Krypton - Staffel 1: Rezension zur spannenden Vorgeschichte Supermans
Für die Entwicklung der ersten zehn Episoden zeichnet sich niemand Geringeres als David S. Goyer verantwortlich. Der Autor und Produzent war nicht nur maßgeblich an Christopher Nolans Dark Knight-Trilogie beteiligt, sondern auch am Skript von Man of Steel - der Mann kennt sich also auf dem Gebiet aus. Ihm dürfte es auch zu verdanken sein, dass der US-Start höchst erfolgreich verlief. Eine zweite Staffel ist auch bereits bestellt.

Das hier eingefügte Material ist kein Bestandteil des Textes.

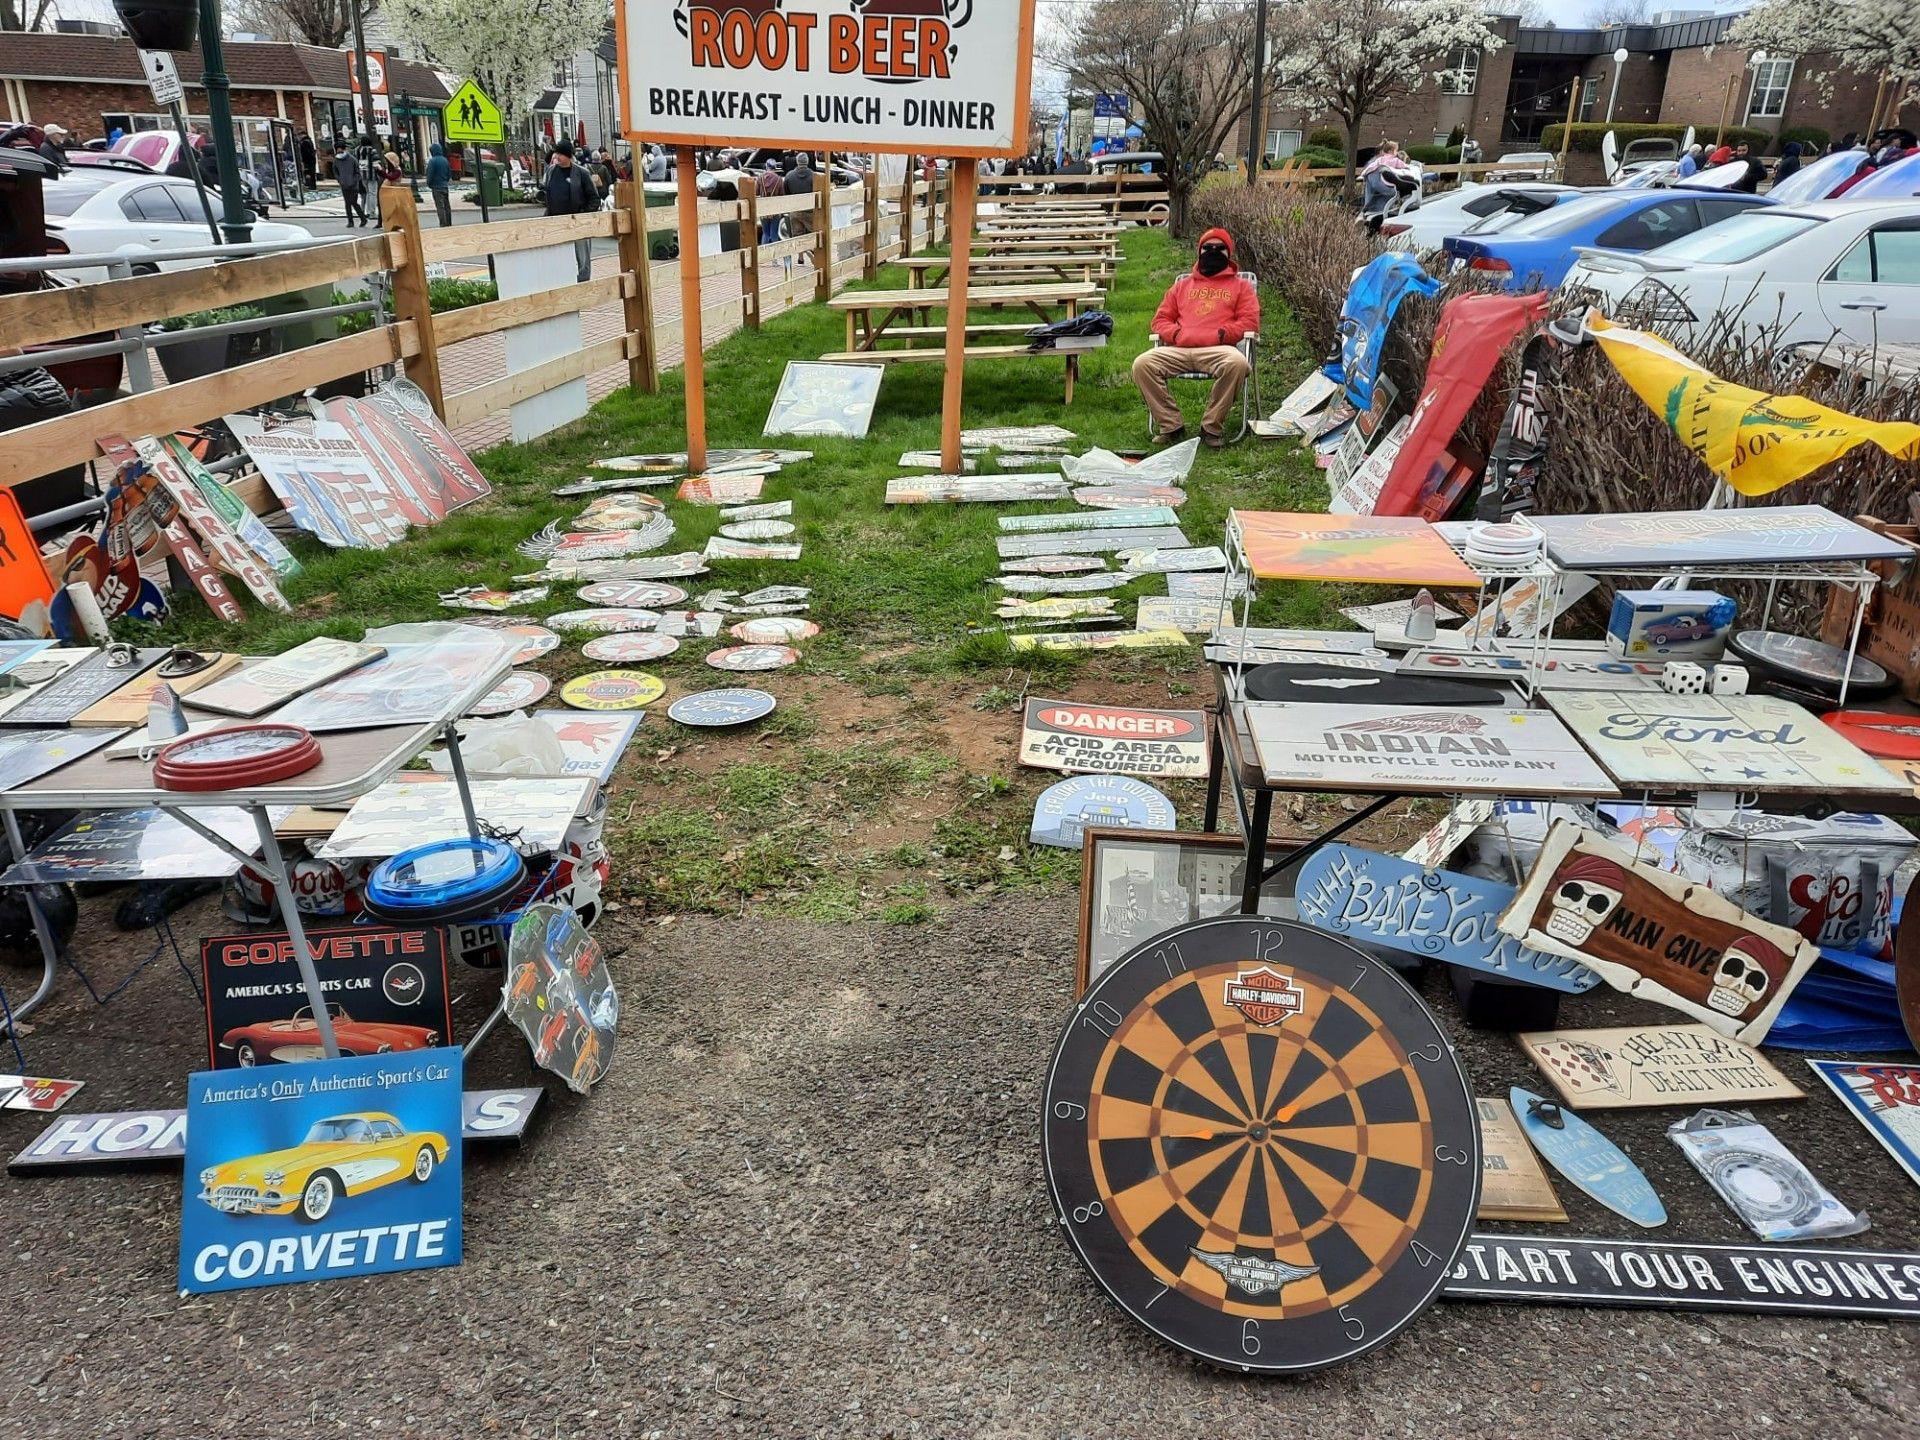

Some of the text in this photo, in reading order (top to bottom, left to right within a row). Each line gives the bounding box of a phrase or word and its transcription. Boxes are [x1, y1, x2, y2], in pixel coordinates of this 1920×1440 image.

[689, 7, 951, 79] ROOT BEER
[649, 87, 996, 130] BREAKFAST LUNCH DINNER
[244, 435, 357, 450] AMERICA'S BEER
[590, 583, 672, 601] STP
[1226, 650, 1382, 669] SPEED SHOP
[589, 672, 652, 683] WE USE
[581, 699, 638, 708] PARTS
[715, 715, 741, 723] LAST
[1054, 710, 1175, 734] DANGER
[1600, 713, 1805, 745] Ford
[1029, 744, 1200, 764] EYE PROTECTION
[1045, 735, 1182, 754] ACID AREA
[1323, 732, 1511, 756] INDIAN
[1063, 757, 1164, 772] REQUIRED
[1295, 752, 1557, 771] MOTORCYCLE COMPANY
[1642, 746, 1822, 764] PARTS
[1371, 771, 1457, 783] Established
[1044, 777, 1168, 827] EXPLORE THE OUTDOORS
[1084, 792, 1129, 805] Jeep
[47, 843, 128, 852] TRUCKS
[1250, 929, 1284, 962] 12
[1606, 906, 1721, 976] MAN CAVE
[1154, 942, 1187, 979] 11
[226, 983, 293, 998] AMERICA'S
[345, 978, 372, 989] CAR
[1247, 976, 1285, 989] MOTOR
[1232, 989, 1297, 1006] HARLEY-DAVIDSON
[1083, 1000, 1123, 1038] 10
[1245, 1004, 1280, 1021] CYCLES
[1408, 1043, 1442, 1068] 2
[1620, 1031, 1753, 1066] CHEATERS
[1648, 1051, 1728, 1066] WILL BE
[202, 1064, 450, 1104] America's Only Authentic Sport's Car
[1641, 1069, 1714, 1092] DEALT
[1054, 1100, 1086, 1121] 9
[1435, 1144, 1468, 1166] 3
[1073, 1201, 1103, 1223] 8
[194, 1220, 449, 1283] CORVETTE
[1410, 1239, 1442, 1268] 4
[1231, 1266, 1276, 1281] HARLEY-DAVIDSON
[1242, 1258, 1266, 1269] MOTOR
[1592, 1250, 1724, 1292] YOUR
[1145, 1277, 1169, 1309] 7
[1240, 1280, 1264, 1292] CYCLES
[1338, 1305, 1365, 1341] 5
[1242, 1319, 1261, 1356] 6
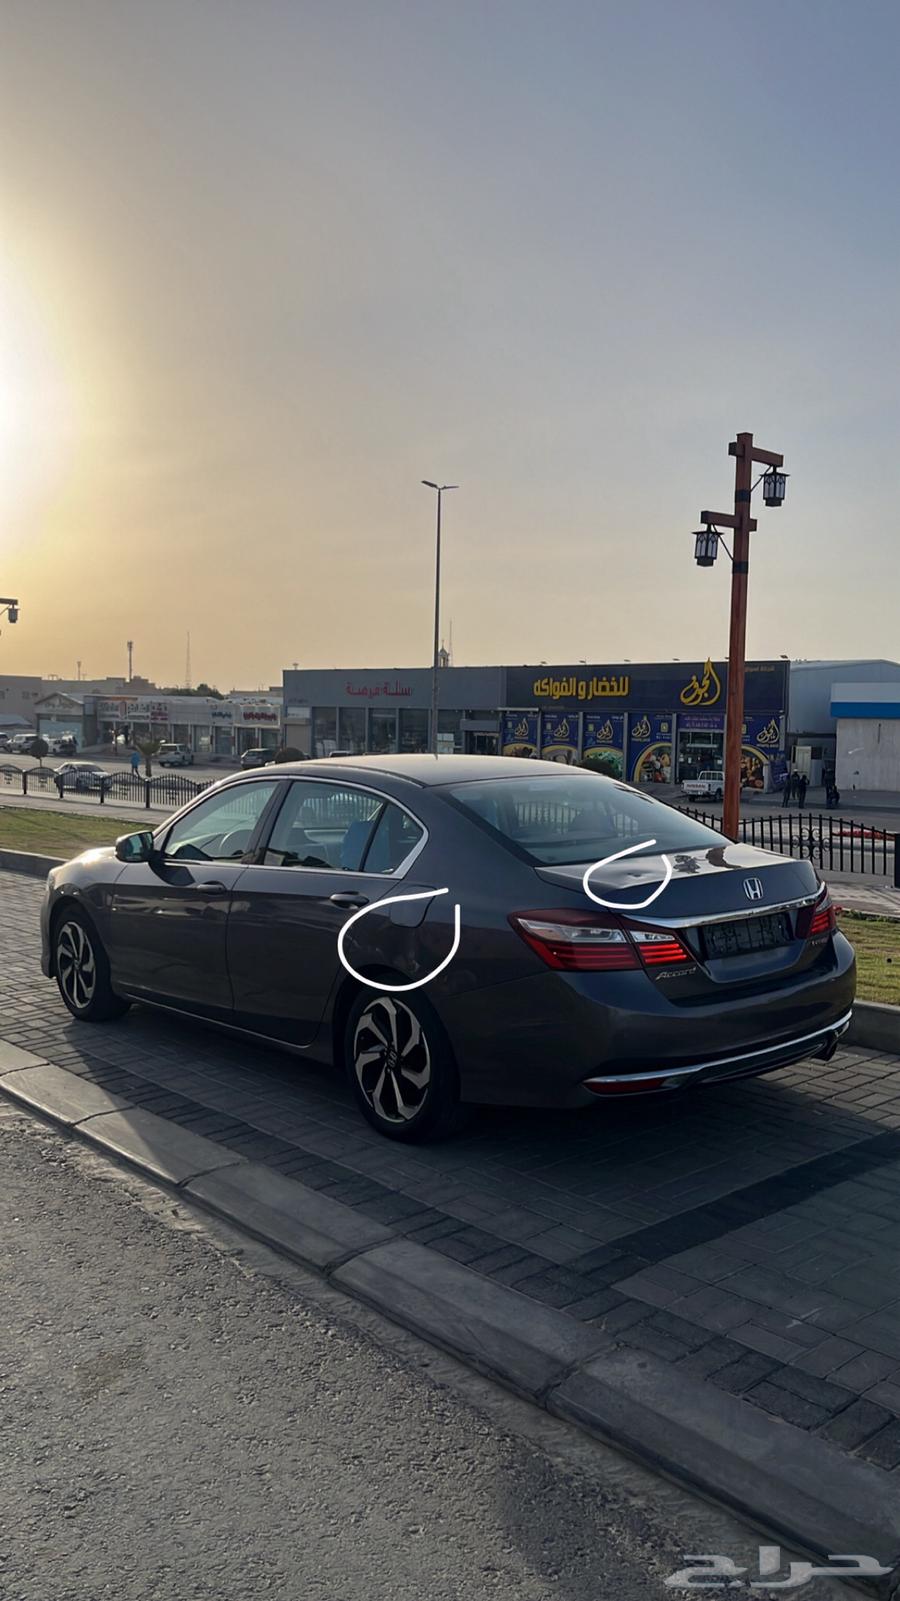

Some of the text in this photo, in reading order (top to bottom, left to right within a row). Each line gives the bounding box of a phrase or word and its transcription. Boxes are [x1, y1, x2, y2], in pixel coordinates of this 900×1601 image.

[533, 677, 576, 700] الفواكه
[587, 676, 629, 700] للخضار
[655, 966, 697, 981] Accord
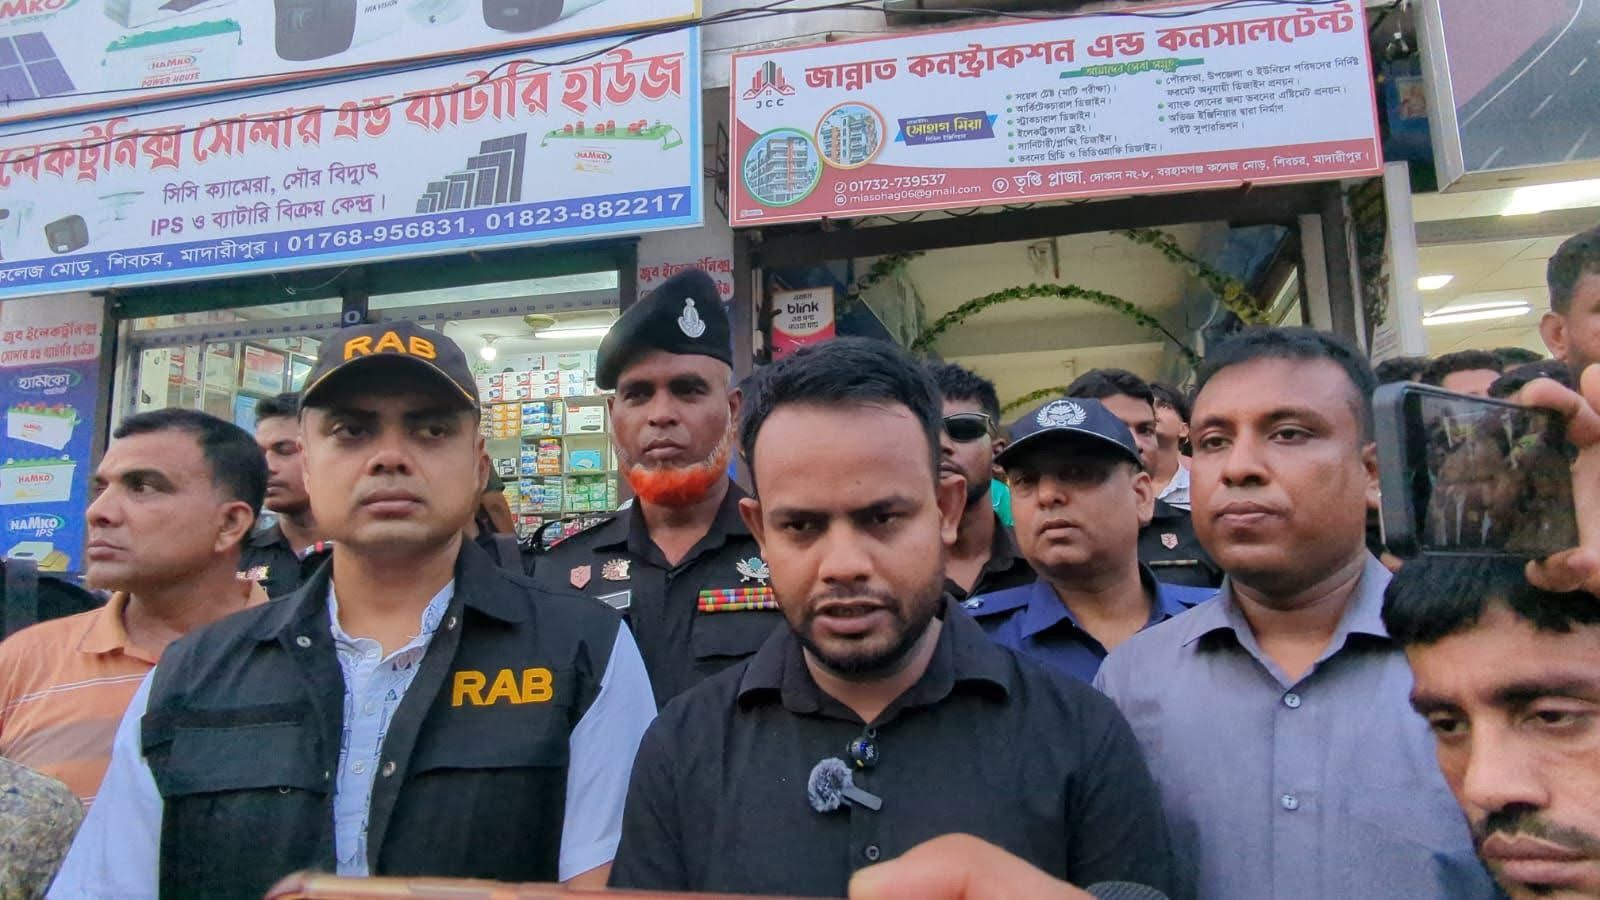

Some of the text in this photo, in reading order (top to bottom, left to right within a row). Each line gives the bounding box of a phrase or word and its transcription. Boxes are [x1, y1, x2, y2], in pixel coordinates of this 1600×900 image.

Der Umfang der Comic-Universen von Marvel und DC ist mittlerweile kaum noch überschaubar. Immer wieder sprießen neue Filme und Serien aus der Erde, alles ist irgendwo irgendwie mit irgendwas verknüpft. Einer der neuesten Ableger aus dem Hause DC ist nun die Serie Krypton. Bereits im Jahre 2014 wurde ein Prequel zur Geschichte Supermans angekündigt, nun findet dieses hier rund vier Jahre später seine Umsetzung. In den USA ist Krypton schon im vergangenen Frühjahr angelaufen, hierzulande erfolgt die Premiere nun im Pay-TV, am 18. Oktober, um 20:15 Uhr, auf dem Sender SYFY. Neue Folgen gibt's danach jeden Donnerstag um 21:00 Uhr (die Wiederholung der Vorwochenepisode jeweils um 20:15 Uhr).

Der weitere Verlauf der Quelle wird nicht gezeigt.